# Haven't done any show and tell in a while.



## robert flynt (Sep 10, 2022)



Reactions: EyeCandy! 17 | Way Cool 4


----------



## T. Ben (Sep 10, 2022)

Drop dead gorgeous!!!

Reactions: Thank You! 1


----------



## Eric Rorabaugh (Sep 10, 2022)

Good looking knives

Reactions: Thank You! 1


----------



## Mike1950 (Sep 10, 2022)

Beautiful work!!

Reactions: Thank You! 1


----------



## Nature Man (Sep 10, 2022)

Dynamite! Always love to see your knives and sheaths. First cabin! Chuck

Reactions: Thank You! 1


----------



## woodtickgreg (Sep 10, 2022)

Man you make some beautiful stuff. I always enjoy seeing your work.

Reactions: Thank You! 1


----------



## JonathanH (Sep 10, 2022)

Those are some mighty fine looking pieces! Well done!

Reactions: Thank You! 1


----------



## Wildthings (Sep 10, 2022)

OK you've stunned us with your pictures! Now about that second one WOW Love everything about it. The shape of the guard, the blade and the handle work is over the top. What's the inlay on the sheath? I'm thinking some type of lizard

Reactions: Thank You! 1 | Agree 2


----------



## 2feathers Creative Making (Sep 11, 2022)

Nice! What do you treat the fine cracks with in the bone handles. Also, you harvest the bone yourself or buy pre cleaned?

Reactions: Thank You! 1


----------



## robert flynt (Sep 11, 2022)

Wildthings said:


> OK you've stunned us with your pictures! Now about that second one WOW Love everything about it. The shape of the guard, the blade and the handle work is over the top. What's the inlay on the sheath? I'm thinking some type of lizard


The second one is camen inlay on the sheath and the one with the German stainless damascus blade is ostrich leg skin inlay.

Reactions: Great Post 1 | Way Cool 1


----------



## robert flynt (Sep 11, 2022)

2feathers Creative Making said:


> Nice! What do you treat the fine cracks with in the bone handles. Also, you harvest the bone yourself or buy pre cleaned?

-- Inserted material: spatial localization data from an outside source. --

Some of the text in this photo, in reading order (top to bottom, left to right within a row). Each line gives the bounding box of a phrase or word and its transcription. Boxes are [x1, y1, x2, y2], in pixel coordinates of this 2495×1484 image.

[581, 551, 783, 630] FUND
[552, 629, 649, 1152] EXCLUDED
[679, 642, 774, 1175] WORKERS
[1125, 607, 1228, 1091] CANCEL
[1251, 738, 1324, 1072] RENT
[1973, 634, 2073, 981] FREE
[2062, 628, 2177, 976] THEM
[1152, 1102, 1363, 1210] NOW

The handle on the one with the S/S damascus blade is ancient walrus tooth ivory and the spacers are mammoth ivory filed in a twisted ribbon pattern. There is no treatment done to the walrus tooth other than stabilizing. I do use do use giraffe, camel, zebra and other bone but I purchased it from African and India dealers.

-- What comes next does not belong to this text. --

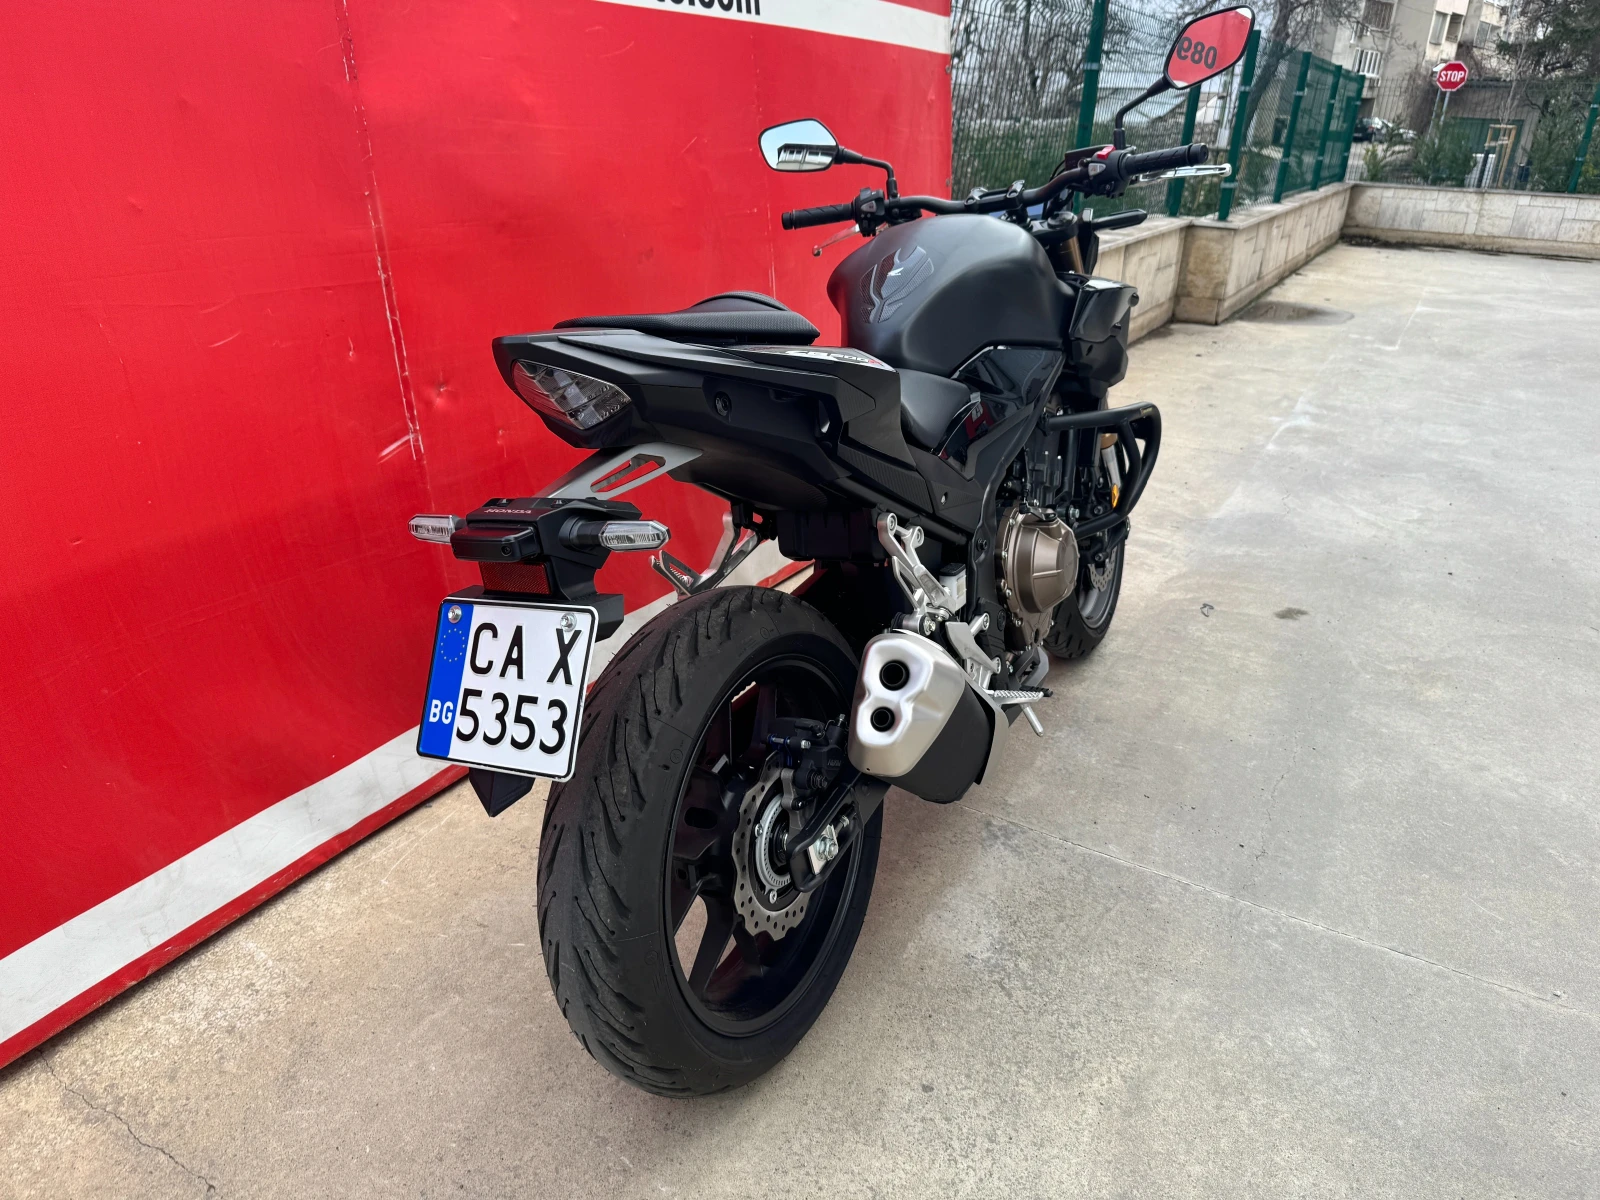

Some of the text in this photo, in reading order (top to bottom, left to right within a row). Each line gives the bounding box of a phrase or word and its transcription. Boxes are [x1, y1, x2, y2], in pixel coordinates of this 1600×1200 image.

[1439, 70, 1465, 82] STOP
[470, 622, 582, 686] CA X
[429, 699, 454, 725] BG
[456, 687, 568, 755] 5353

Reactions: Like 3 | Great Post 1


----------



## JR Parks (Sep 13, 2022)

Robert,
Your knives and sheaths are always outstanding!!! Jim

Reactions: Thank You! 1 | Agree 1


----------



## Mike Hill (Sep 15, 2022)

Just came across this post! Nice knives - very nice. I particularly like that walrus tooth handle. Gotta go see if I can find any!


----------



## Nature Man (Sep 15, 2022)

Mike Hill said:


> Just came across this post! Nice knives - very nice. I particularly like that walrus tooth handle. Gotta go see if I can find any!

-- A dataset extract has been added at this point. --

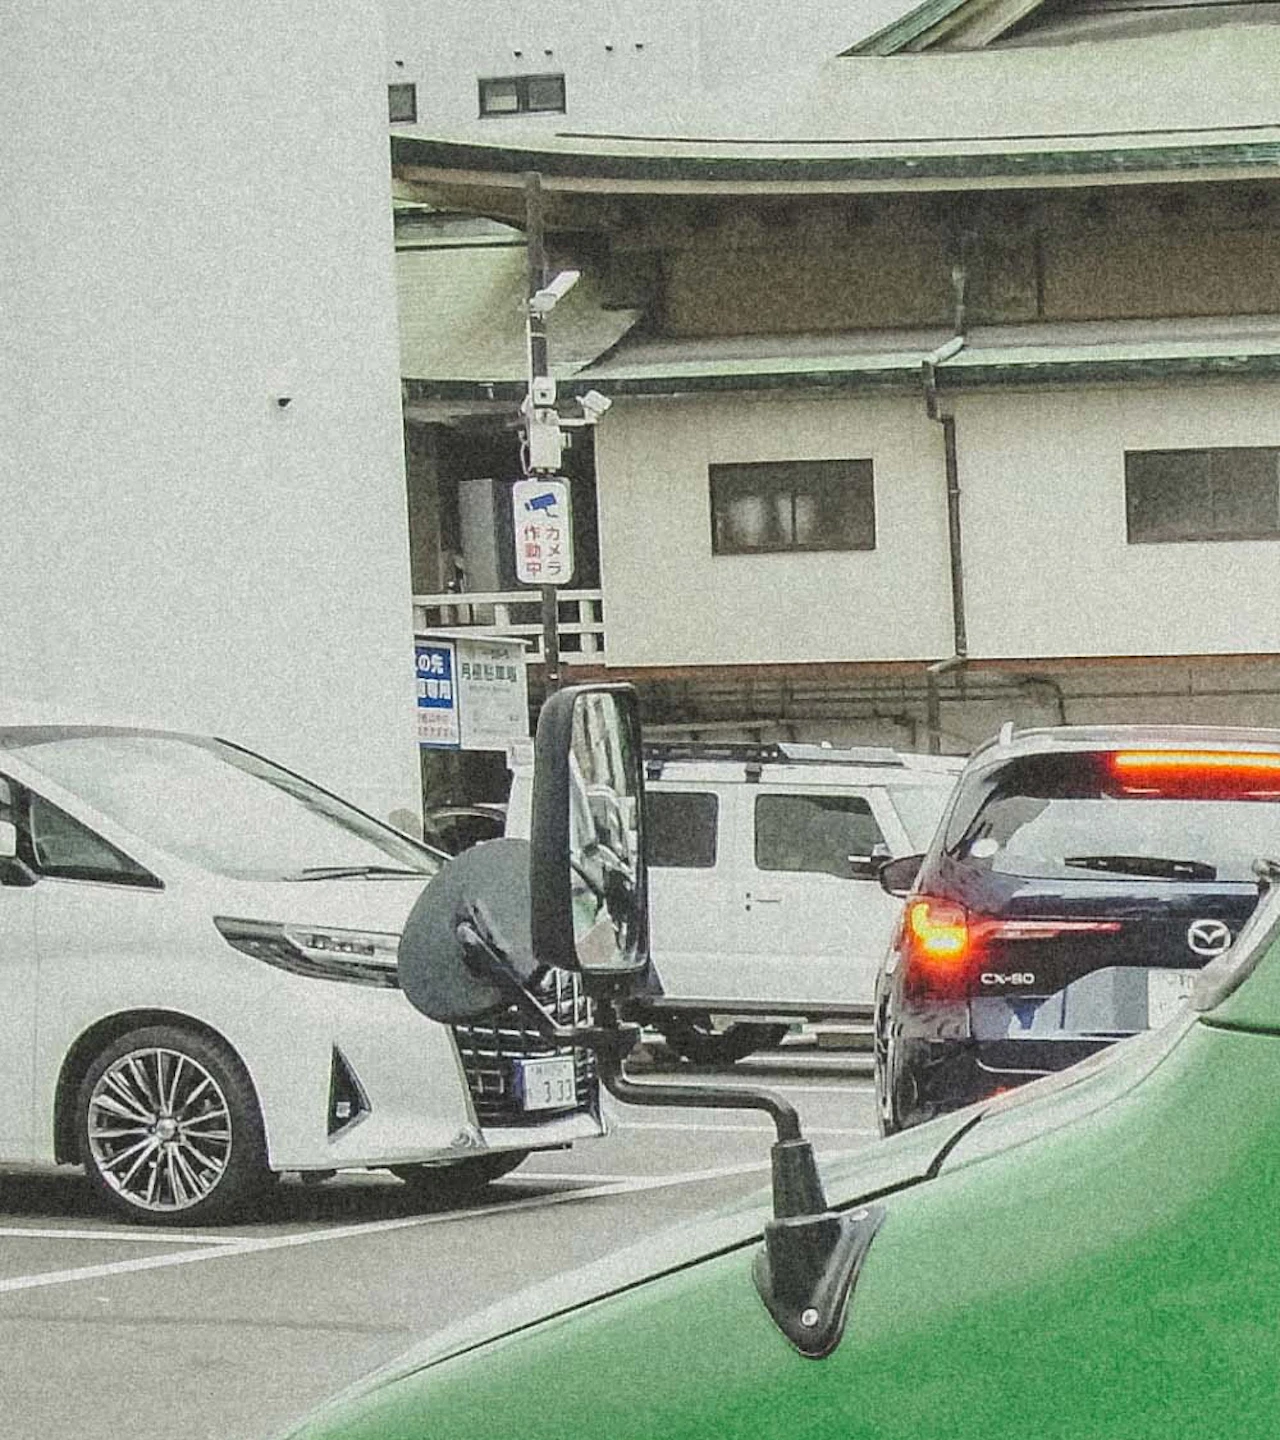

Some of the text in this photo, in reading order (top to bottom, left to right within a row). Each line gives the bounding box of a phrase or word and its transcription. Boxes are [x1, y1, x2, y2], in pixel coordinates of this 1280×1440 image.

If you locate any, you might share it on here. I’m pretty sure a few people would want some! Chuck


----------



## SENC (Sep 15, 2022)

Fantastic, Robert! And thank you for not posting for a while - gave me a chance to upgrade to a phone that has some water resistance so my slobber is less likely to ruin it!

Reactions: Thank You! 1 | Agree 1 | Funny 1


----------



## robert flynt (Sep 16, 2022)

Nature Man said:


> If you locate any, you might share it on here. I’m pretty sure a few people would want some! Chuck


Chuck, one of the source's for this ivory is Russia ( Siberia ) and I will not use them any more. The other source is a Alaskan dealer and I will see if I can find his card. You are looking at a price range of $200 up. The piece on this knife was $300.

Reactions: Thank You! 1


----------



## robert flynt (Sep 22, 2022)

For the members, asking about the walrus ivory . The Stag Depot has some in stock now.

Reactions: Informative 1


----------



## Mike Hill (Sep 23, 2022)

Waiting on admittance!


----------



## eaglea1 (Sep 23, 2022)

World class Mike!


----------